In this year’s annual School Reports questionnaire Campaign asked its 100 UK agencies whether they had signed up to the “Make NDAs Fair” pledge at the end of 2022; just 15 said that they had.


A total of 74 agencies said they had not signed up to the commitment, 10 didn’t know and one didn’t answer the question.


As the “Make NDAs Fair” campaign was not supported by funding, Savani explains that it’s difficult to give strict measurables around it.


Campaign contacted a number of the 74 agencies that had not signed up to find out what was stopping them, but only one agreed to speak on the record.


One person who runs an agency that has signed the pledge, but only agreed to speak with Campaign anonymously, believes many large organisations think that if they look at NDAs, lots of other changes to policies will have to be done at the same time.


“It’s this sort of corporate smush of, ‘Oh, once we’ve committed to doing that, then where does it all end?’” they say.


Another reason for adland hesitating to take action may be due to employers worrying about the negative perception it could create.

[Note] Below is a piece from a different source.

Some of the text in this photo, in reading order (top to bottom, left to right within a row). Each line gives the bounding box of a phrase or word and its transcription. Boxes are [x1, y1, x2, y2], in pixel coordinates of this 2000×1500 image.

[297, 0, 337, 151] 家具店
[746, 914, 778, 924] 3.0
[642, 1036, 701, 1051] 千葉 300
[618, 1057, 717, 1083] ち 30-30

Pippa Glucklich, chief executive of Electric Glue, notes only 77 out of the 304 agencies that have pledged to support TimeTo have completed the associated training that was introduced in 2021.


Writing in Campaign last month, she suggested some businesses “fear that participating in such training may inadvertently signal that a business already has a problem with sexual harassment that needs dealing with”.


The belief that sexual harassment is an “old problem from a previous era” and a lack of understanding of exactly what it is may also be causing the lack of engagement, Glucklich added.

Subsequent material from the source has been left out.